I reply with spilling my guts...i love being with you, it is so great the time we have spent. Followed by all the reasons why i like him.
He asks me, "how do you feel about us?"
I make him answer first. "I would do anything for you, i am head over heels-and it scares me."
I ask him why it scares him?
He says he just hasn't felt this way in a long time. Scared we may be jumping into something. Its happened fast.
I tell him i have the same reservations although i explain to him that i know what i want, i have had many, many relationship experiences and have learned from them.
He asks, "do you want to be with just me?"
I say, "yes!"
He says, "me too!"
The words: together, commitment, boyfriend/girlfriend was never used though.

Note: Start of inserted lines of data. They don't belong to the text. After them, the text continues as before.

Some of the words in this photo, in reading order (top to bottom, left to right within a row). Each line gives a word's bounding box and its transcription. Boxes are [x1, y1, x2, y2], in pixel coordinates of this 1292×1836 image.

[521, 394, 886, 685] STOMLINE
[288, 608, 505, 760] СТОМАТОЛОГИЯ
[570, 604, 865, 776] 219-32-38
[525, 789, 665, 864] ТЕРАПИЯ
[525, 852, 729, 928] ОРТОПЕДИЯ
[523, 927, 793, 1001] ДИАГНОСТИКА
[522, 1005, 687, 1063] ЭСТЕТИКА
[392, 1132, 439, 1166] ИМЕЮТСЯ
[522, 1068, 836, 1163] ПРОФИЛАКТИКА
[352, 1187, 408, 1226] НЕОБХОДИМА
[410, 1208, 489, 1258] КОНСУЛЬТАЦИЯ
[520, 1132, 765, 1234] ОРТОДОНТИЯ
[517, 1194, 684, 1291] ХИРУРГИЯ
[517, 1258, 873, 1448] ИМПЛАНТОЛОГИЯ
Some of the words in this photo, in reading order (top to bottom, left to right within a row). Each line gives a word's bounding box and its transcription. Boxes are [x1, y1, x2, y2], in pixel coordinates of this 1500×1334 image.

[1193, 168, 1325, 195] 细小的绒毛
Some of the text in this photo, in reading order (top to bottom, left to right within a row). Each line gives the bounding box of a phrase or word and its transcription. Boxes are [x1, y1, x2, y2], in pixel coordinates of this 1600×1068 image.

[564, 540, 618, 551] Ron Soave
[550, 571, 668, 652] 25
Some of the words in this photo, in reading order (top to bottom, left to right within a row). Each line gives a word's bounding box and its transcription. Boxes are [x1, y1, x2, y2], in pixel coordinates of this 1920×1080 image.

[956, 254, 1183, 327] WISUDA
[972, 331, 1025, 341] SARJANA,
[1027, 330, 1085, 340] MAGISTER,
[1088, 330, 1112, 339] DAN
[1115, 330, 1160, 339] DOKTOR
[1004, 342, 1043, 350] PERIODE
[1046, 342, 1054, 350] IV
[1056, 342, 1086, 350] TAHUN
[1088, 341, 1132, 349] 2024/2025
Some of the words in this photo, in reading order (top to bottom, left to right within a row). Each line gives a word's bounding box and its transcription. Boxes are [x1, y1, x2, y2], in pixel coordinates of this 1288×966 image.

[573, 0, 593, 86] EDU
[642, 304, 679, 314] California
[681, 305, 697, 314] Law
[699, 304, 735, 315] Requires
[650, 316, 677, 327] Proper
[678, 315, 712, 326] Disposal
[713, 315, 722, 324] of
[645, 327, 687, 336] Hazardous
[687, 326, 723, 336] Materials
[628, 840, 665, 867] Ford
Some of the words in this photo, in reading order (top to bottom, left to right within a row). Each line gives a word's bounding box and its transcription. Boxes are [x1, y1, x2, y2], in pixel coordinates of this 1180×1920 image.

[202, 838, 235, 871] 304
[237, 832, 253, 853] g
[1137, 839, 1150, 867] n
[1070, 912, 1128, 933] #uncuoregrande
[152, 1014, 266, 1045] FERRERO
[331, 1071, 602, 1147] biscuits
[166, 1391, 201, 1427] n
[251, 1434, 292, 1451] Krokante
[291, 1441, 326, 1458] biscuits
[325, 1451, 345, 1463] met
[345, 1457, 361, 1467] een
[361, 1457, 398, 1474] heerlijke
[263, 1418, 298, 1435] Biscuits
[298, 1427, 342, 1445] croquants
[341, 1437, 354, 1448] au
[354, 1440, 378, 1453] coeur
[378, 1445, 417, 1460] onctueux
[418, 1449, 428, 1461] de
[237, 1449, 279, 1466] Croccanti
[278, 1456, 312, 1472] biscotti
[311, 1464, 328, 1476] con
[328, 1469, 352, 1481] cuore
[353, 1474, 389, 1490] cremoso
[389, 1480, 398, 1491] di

I wake up to kisses, wonderful complimentary words as we get ready for work together. We stop at starbucks on our way to work. He gives Romeo some sweet goodbyes and then me. What a way to start the day?
I forgot one part....one very crucial part of the talk. He says, "i have wanted to say I LOVE YOU many times and i have held back."
I was floored. I have decided long ago...those are strong words, i won't say them first, and i will mean the hell out of them when i say them. I didn't feel like we were there yet.
I say to him, "those are strong words, very strong. I don't feel they should be used until we can't stand it anymore and we absolutely feel that way."
He completely agrees with me. He decides instead of saying those words he will just say, "i love being with you."
I roll over in his arms and fall fast asleep, completely satisfied with what we have discussed and what he has said to me.
I forgot one more part....forgive me....its morning! He sang to me last night in bed...Frank Sinatra. It was so funny. We were laughing at his terrible voice!